__Task instructions__. Write out the records word for word, with no pictures.

Dataset records below:

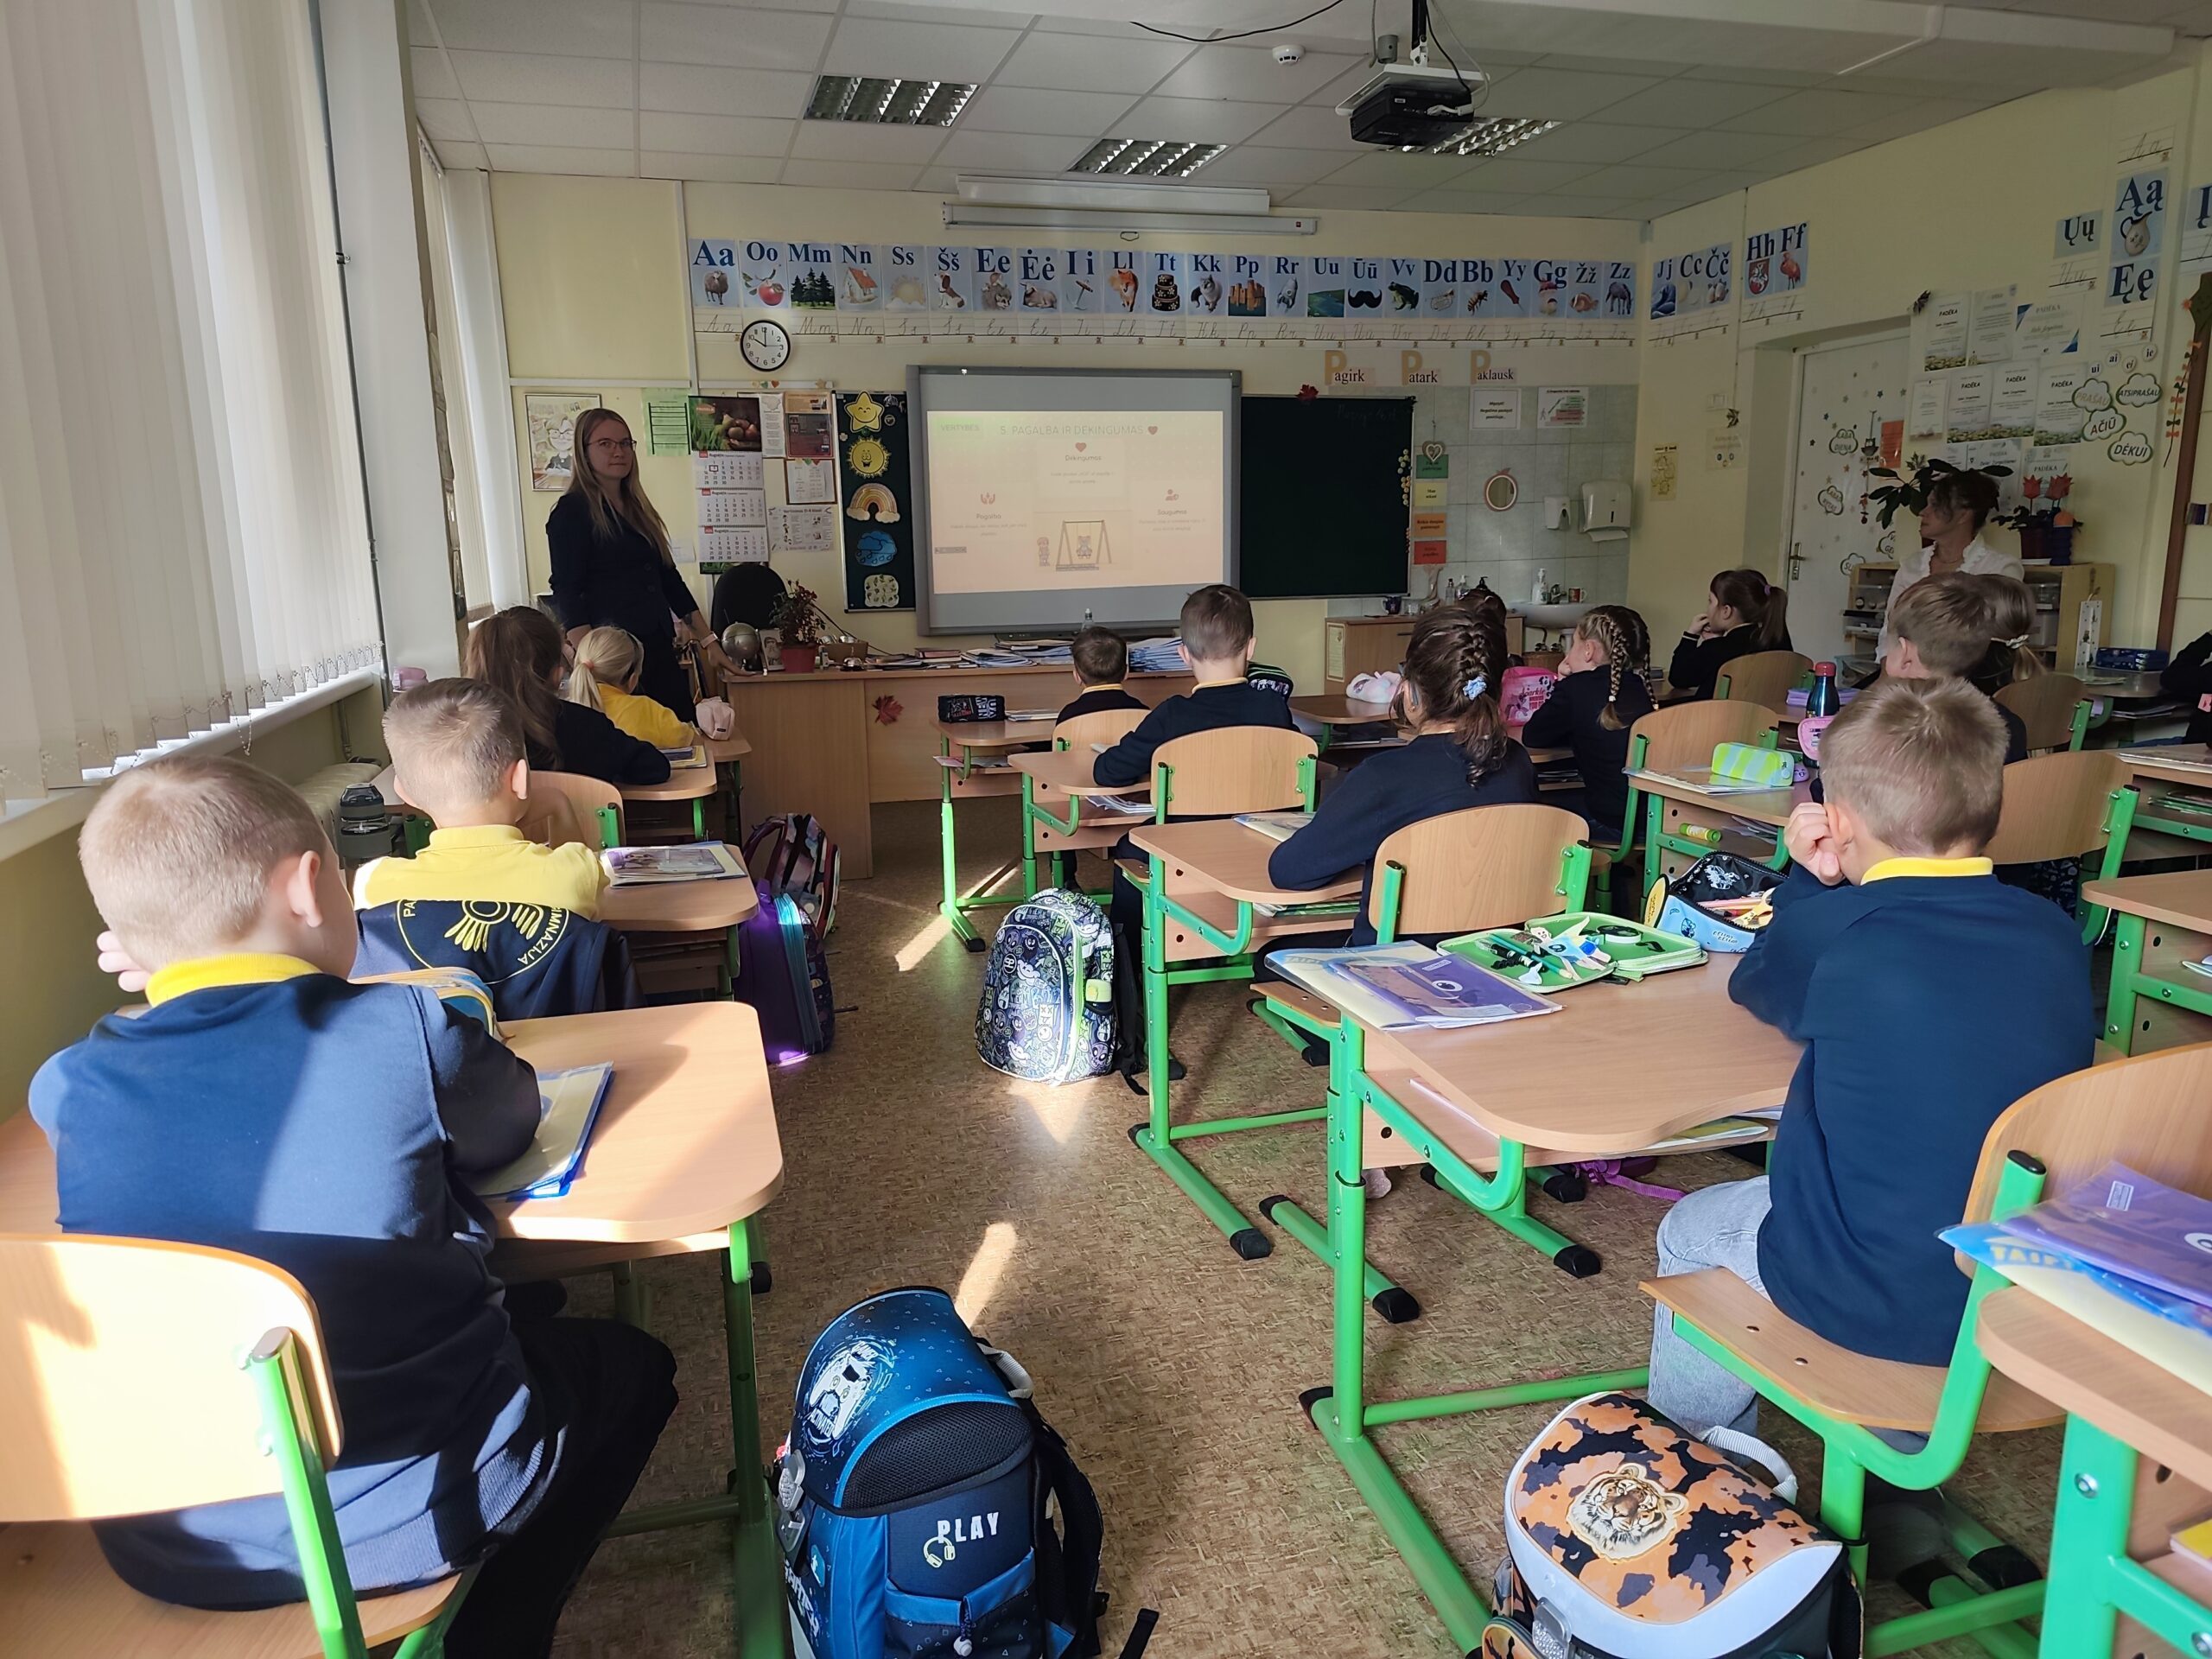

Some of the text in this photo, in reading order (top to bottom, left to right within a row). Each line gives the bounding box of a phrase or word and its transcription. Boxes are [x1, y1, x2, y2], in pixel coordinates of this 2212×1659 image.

[2115, 176, 2164, 216] Ąą
[1780, 223, 1808, 253] Ff
[2064, 216, 2095, 246] Ųų
[692, 240, 735, 267] Aa
[746, 241, 779, 262] Oo
[788, 243, 832, 264] Mm
[842, 245, 873, 264] Nn
[892, 246, 914, 266] Ss
[1745, 232, 1775, 262] Hh
[938, 247, 960, 271] Šš
[976, 248, 1011, 273] Ee
[1020, 249, 1055, 281] Ėė
[1112, 251, 1134, 270] Ll
[1154, 253, 1177, 271] Tt
[1193, 255, 1222, 273] Kk
[1236, 256, 1259, 278] Pp
[1275, 257, 1299, 275] Rr
[1314, 257, 1339, 275] Uu
[1352, 258, 1378, 279] Ūū
[1391, 259, 1415, 276] Vv
[1657, 258, 1672, 281] Jj
[1680, 254, 1702, 277] Cc
[1705, 247, 1730, 278] Čč
[1423, 260, 1458, 283] Dd
[1462, 260, 1494, 283] Bb
[1503, 260, 1527, 282] Yy
[1533, 260, 1567, 289] Gg
[1575, 264, 1597, 283] Žž
[1610, 263, 1631, 279] Zz
[2109, 263, 2154, 304] Ęę
[1012, 425, 1059, 435] PAGALBA
[1062, 425, 1071, 435] IR
[2090, 416, 2117, 435] AČIŪ
[2113, 442, 2148, 458] DĖKUI
[517, 906, 563, 965] IMNAZIJA
[937, 1512, 1000, 1543] PLAY

End of Dataset records.

__Reply__.
Some of the text in this photo, in reading order (top to bottom, left to right within a row). Each line gives the bounding box of a phrase or word and its transcription. Boxes are [x1, y1, x2, y2], in pixel coordinates of this 2212×1659 image.

[2115, 176, 2164, 216] Ąą
[1780, 223, 1808, 253] Ff
[2064, 216, 2095, 246] Ųų
[692, 240, 735, 267] Aa
[746, 241, 779, 262] Oo
[788, 243, 832, 264] Mm
[842, 245, 873, 264] Nn
[892, 246, 914, 266] Ss
[1745, 232, 1775, 262] Hh
[938, 247, 960, 271] Šš
[976, 248, 1011, 273] Ee
[1020, 249, 1055, 281] Ėė
[1112, 251, 1134, 270] Ll
[1154, 253, 1177, 271] Tt
[1193, 255, 1222, 273] Kk
[1236, 256, 1259, 278] Pp
[1275, 257, 1299, 275] Rr
[1314, 257, 1339, 275] Uu
[1352, 258, 1378, 279] Ūū
[1391, 259, 1415, 276] Vv
[1657, 258, 1672, 281] Jj
[1680, 254, 1702, 277] Cc
[1705, 247, 1730, 278] Čč
[1423, 260, 1458, 283] Dd
[1462, 260, 1494, 283] Bb
[1503, 260, 1527, 282] Yy
[1533, 260, 1567, 289] Gg
[1575, 264, 1597, 283] Žž
[1610, 263, 1631, 279] Zz
[2109, 263, 2154, 304] Ęę
[1012, 425, 1059, 435] PAGALBA
[1062, 425, 1071, 435] IR
[2090, 416, 2117, 435] AČIŪ
[2113, 442, 2148, 458] DĖKUI
[517, 906, 563, 965] IMNAZIJA
[937, 1512, 1000, 1543] PLAY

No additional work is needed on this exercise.